Kasusnya sederhana; membela korban kekerasan di kampus, sidang terakhir.

Pukul lima sore, sidang selesai.

Pengacara pembela mencoba menggunakan "pembelaan remaja" untuk membebaskan klien mereka, tetapi presentasi Ashley tentang dua puluh preseden sebagai dukungan, sangat menentukan. Hakim menjatuhkan hukuman sepuluh tahun penjara kepada pelaku, dengan satu tahun masa percobaan.

"Ashley, hati-hati, aku dengar pelaku punya latar belakang yang berbahaya," kata Hannah dengan khawatir.

Menjadi pengacara itu berisiko, menghadapi bukan hanya pengawasan moral tetapi juga potensi ancaman dari pihak lawan.

"Aku sudah berpengalaman. Apa yang perlu ditakuti? Kita menang kasus ini; sekarang ayo kita ambil hadiah dari Harold," kata Ashley.

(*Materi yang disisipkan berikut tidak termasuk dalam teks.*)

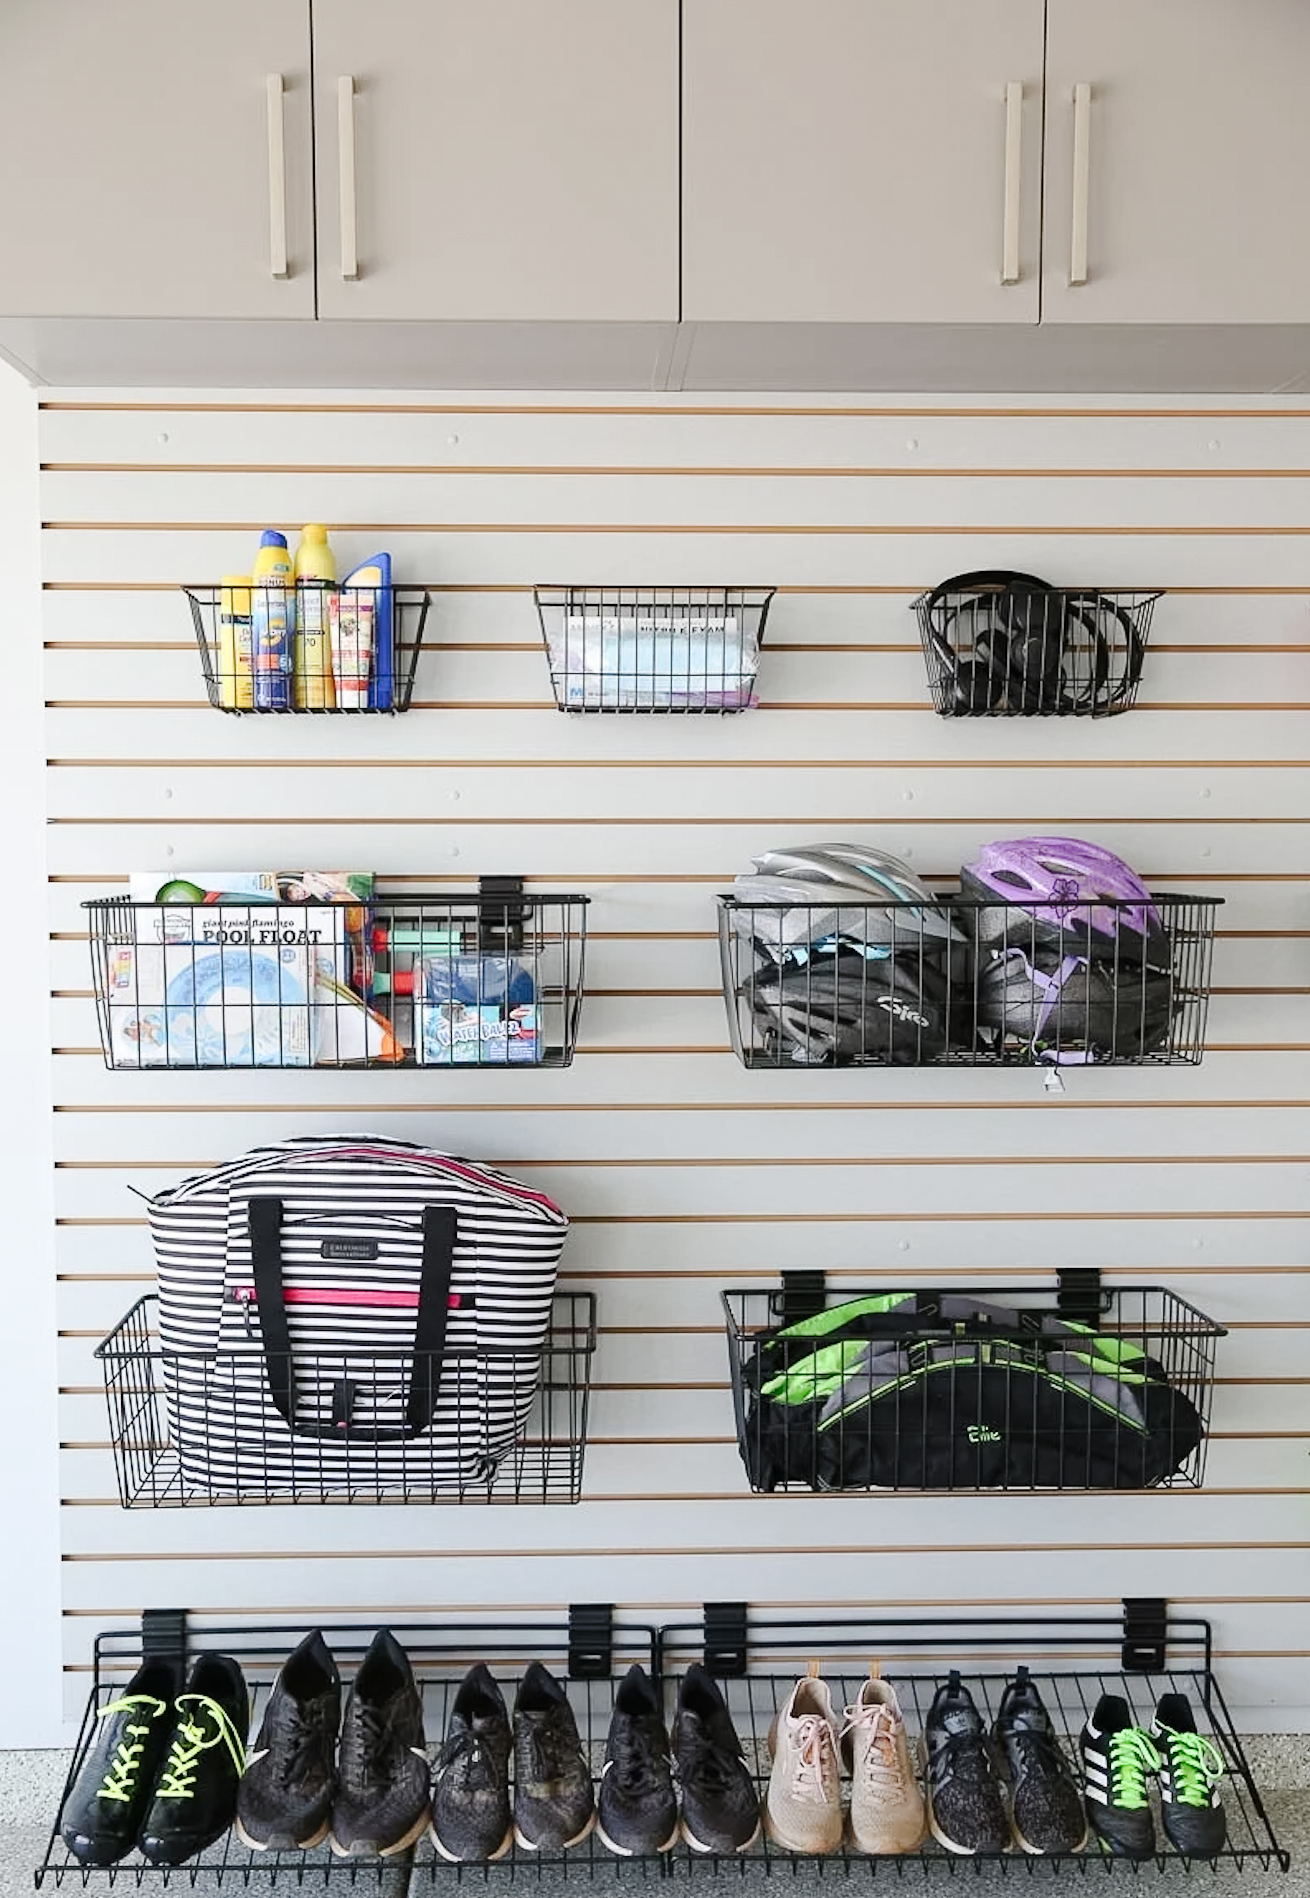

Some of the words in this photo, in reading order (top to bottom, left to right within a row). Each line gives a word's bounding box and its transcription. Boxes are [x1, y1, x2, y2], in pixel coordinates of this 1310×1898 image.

[203, 919, 227, 929] giant
[252, 919, 295, 928] flamingo
[203, 930, 254, 943] POOL
[260, 930, 322, 943] FLOAT
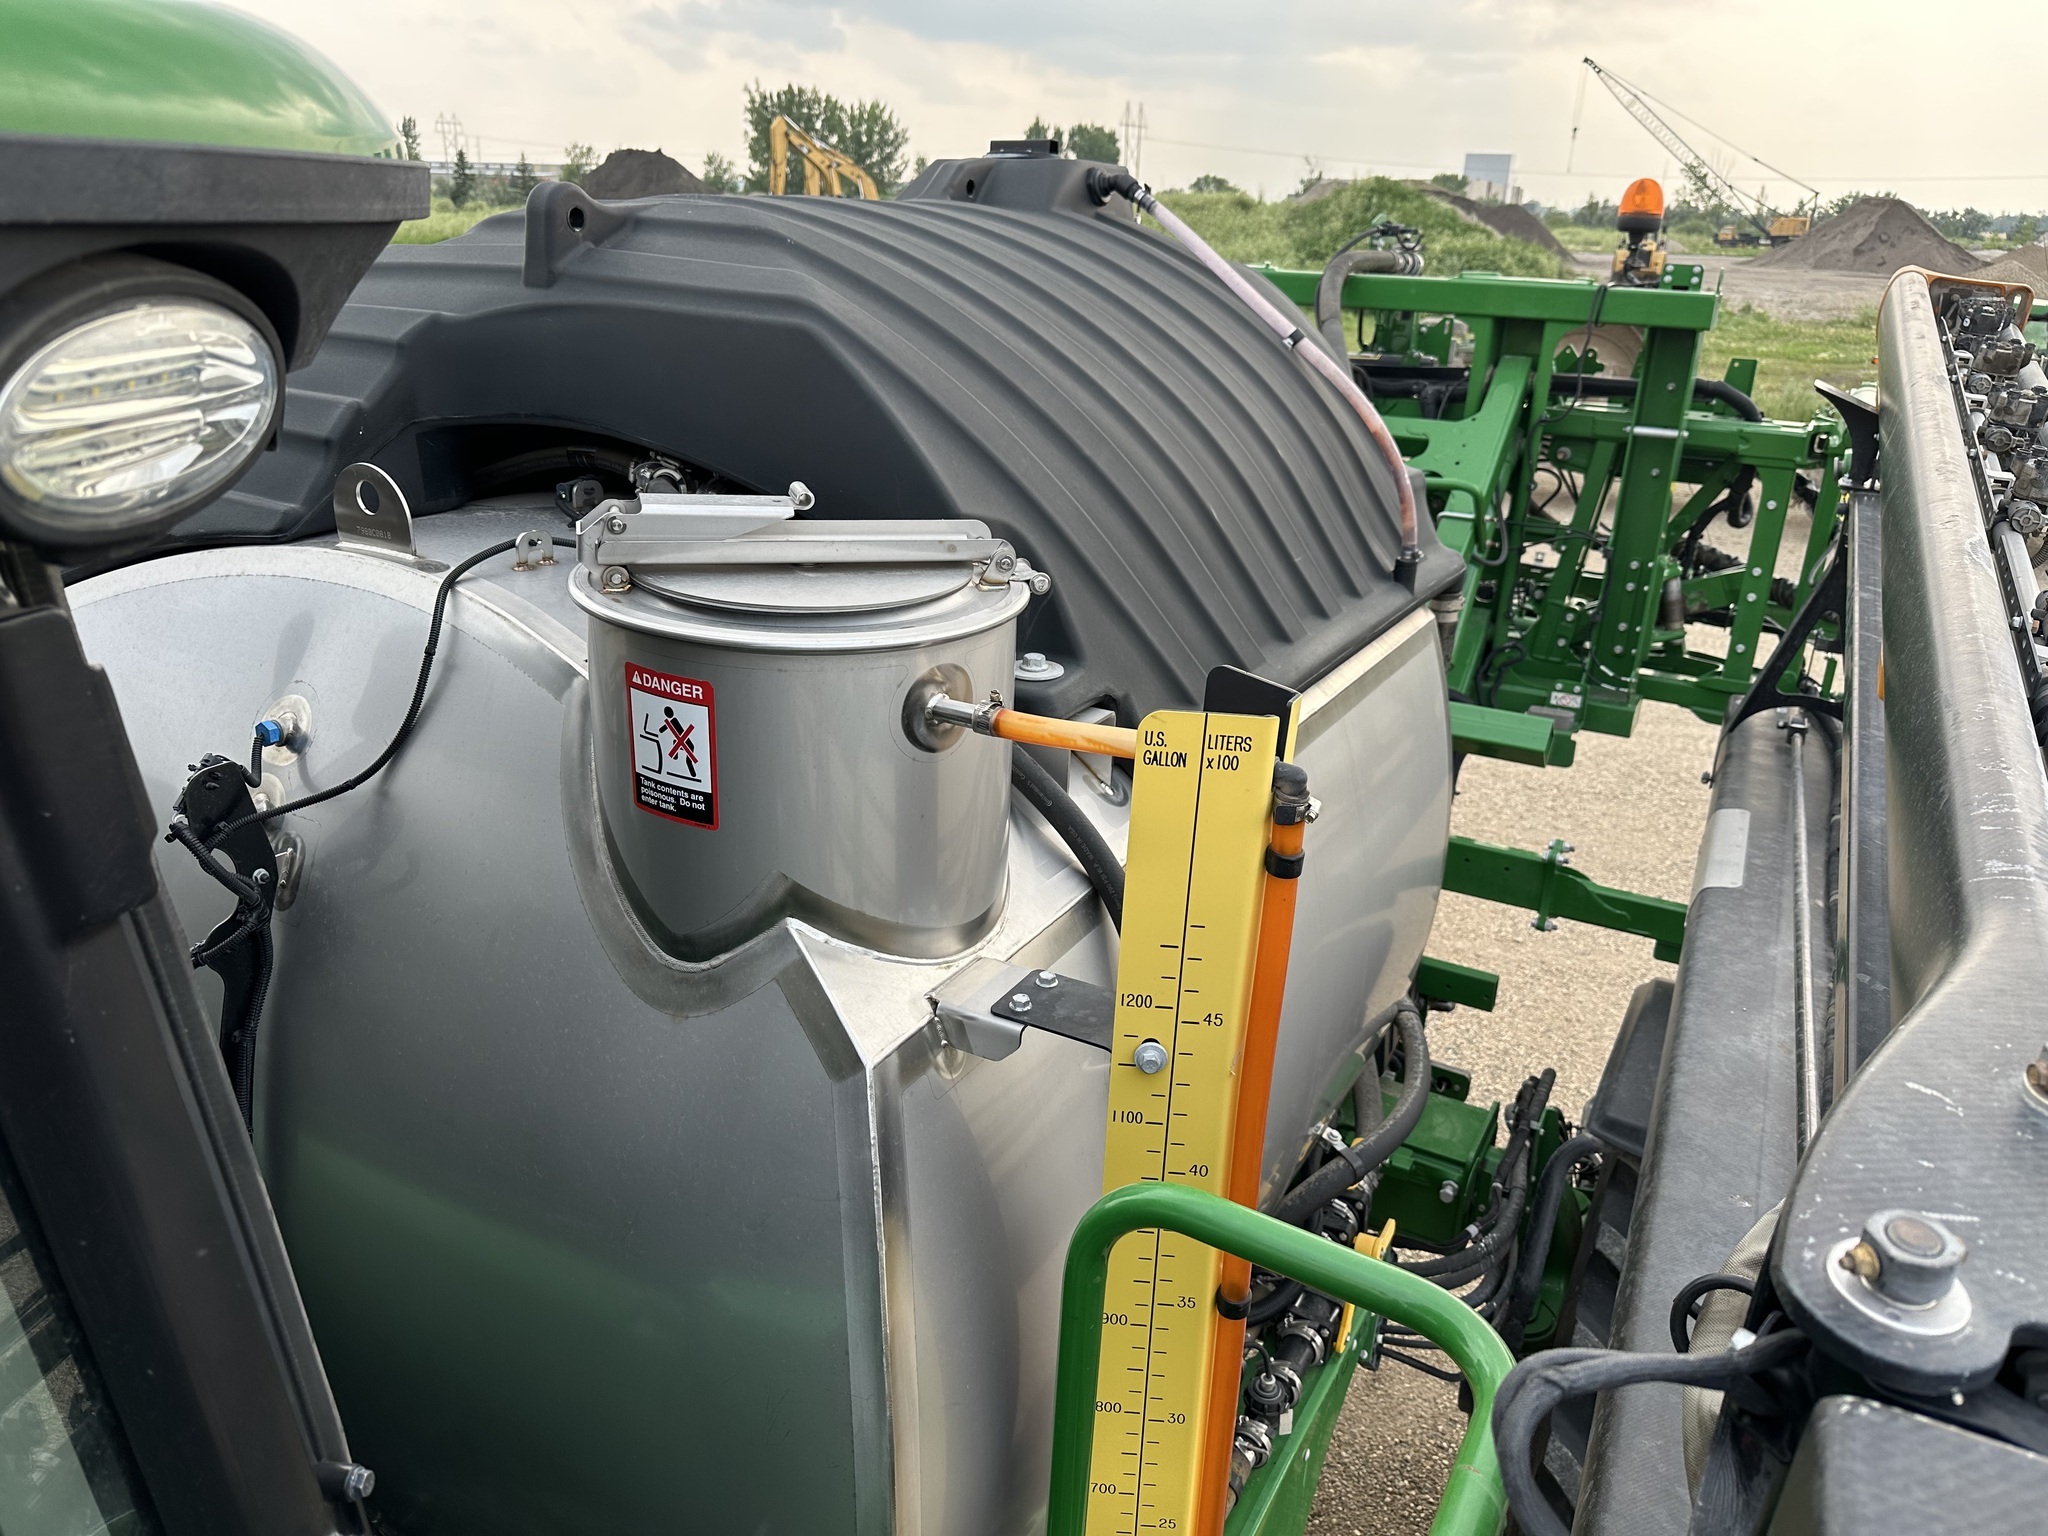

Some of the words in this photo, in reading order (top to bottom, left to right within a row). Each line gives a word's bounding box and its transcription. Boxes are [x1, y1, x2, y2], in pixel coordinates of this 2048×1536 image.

[642, 673, 703, 700] DANGER
[1144, 730, 1167, 748] U.S.
[1207, 734, 1253, 752] LITERS
[1143, 750, 1187, 768] GALLON
[1206, 754, 1239, 771] x100
[640, 776, 656, 790] Tank
[656, 784, 689, 799] contents
[690, 793, 704, 802] are
[640, 786, 677, 804] poisonous.
[679, 797, 691, 807] Do
[691, 802, 706, 811] not
[641, 794, 658, 806] enter
[658, 800, 677, 812] tank.
[1067, 825, 1078, 839] USA
[1081, 843, 1095, 860] MADE
[1120, 993, 1153, 1009] 1200
[1202, 1012, 1224, 1027] 45
[1112, 1109, 1143, 1124] 1100
[1188, 1164, 1209, 1178] 40
[1176, 1295, 1196, 1309] 35
[1102, 1312, 1128, 1326] 900
[1095, 1400, 1122, 1414] 800
[1167, 1412, 1186, 1425] 30
[1090, 1482, 1117, 1495] 700
[1158, 1518, 1177, 1530] 25
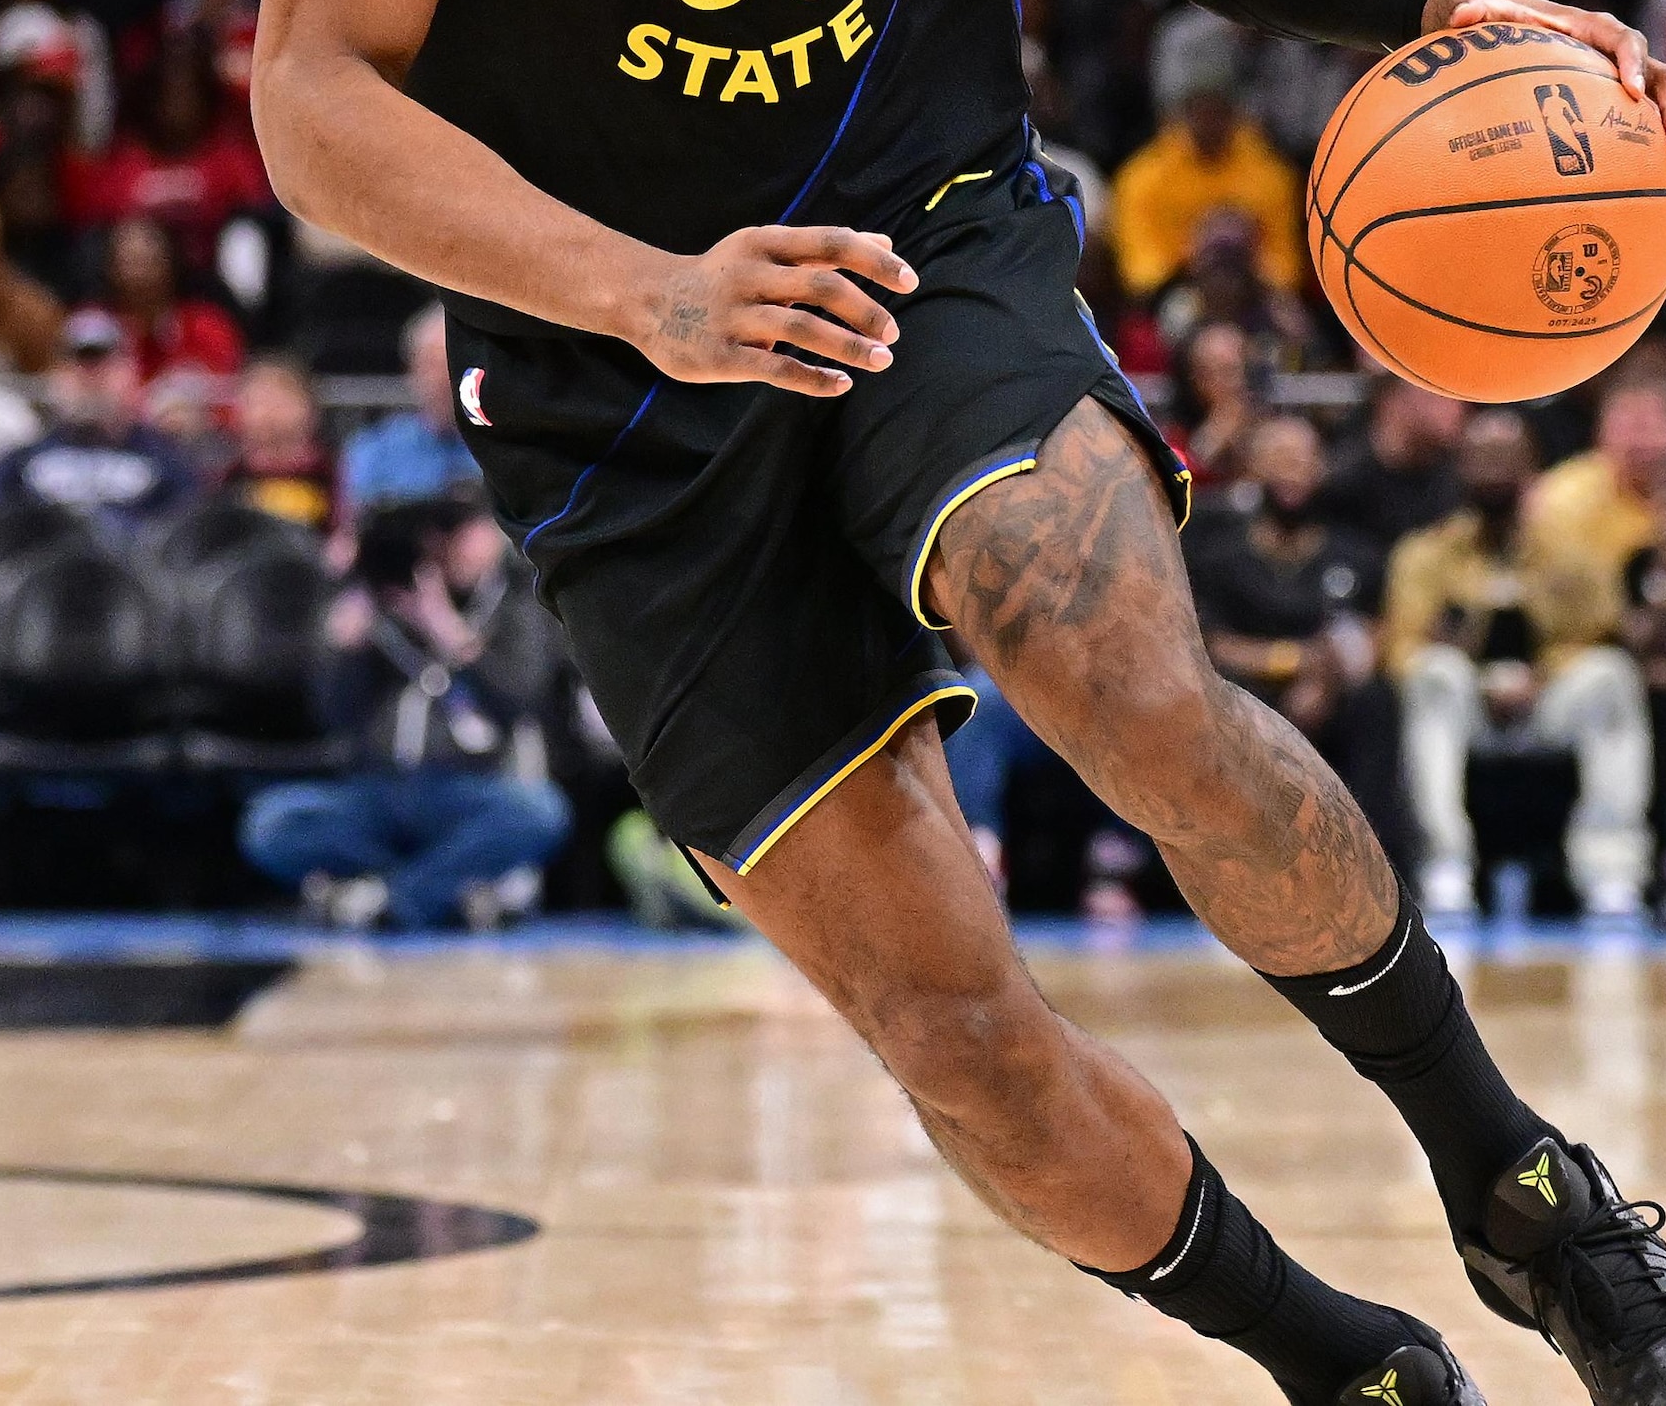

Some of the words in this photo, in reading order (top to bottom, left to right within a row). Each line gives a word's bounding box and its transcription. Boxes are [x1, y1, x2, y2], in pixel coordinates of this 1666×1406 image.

[1448, 130, 1488, 153] OFFICIAL
[1487, 124, 1513, 141] GAME
[1512, 119, 1535, 135] BALL

Tapi Hannah tidak dalam suasana hati untuk merayakan. "Tetap waspada. Ada laporan tentang klien marah yang membakar rumah pengacaranya. Pengacara dan keluarganya... tidak selamat. Dan keluarga terdakwa sepertinya bukan tipe yang mudah memaafkan."

"Aku bisa menjaga diriku," jawab Ashley, tenggelam dalam pikirannya.

...

Hari itu, dia benar-benar lelah.

Dia telah menjalani sidang berturut-turut sebelumnya, bekerja larut malam meninjau dokumen, tetapi tidak ada malam-malam itu yang melelahkannya sebanyak satu jam bersama Damian.

Di kamar mandi, dia menutup matanya, dan wajah marah Damian menghantui pikirannya.

"Satu-satunya penyesalanku adalah aku tidak mengambil nyawamu," katanya dengan pahit.

Apakah dia tahu bahwa dia juga sering berpikir mengapa dia tidak punya keberanian untuk mengakhiri hidupnya juga?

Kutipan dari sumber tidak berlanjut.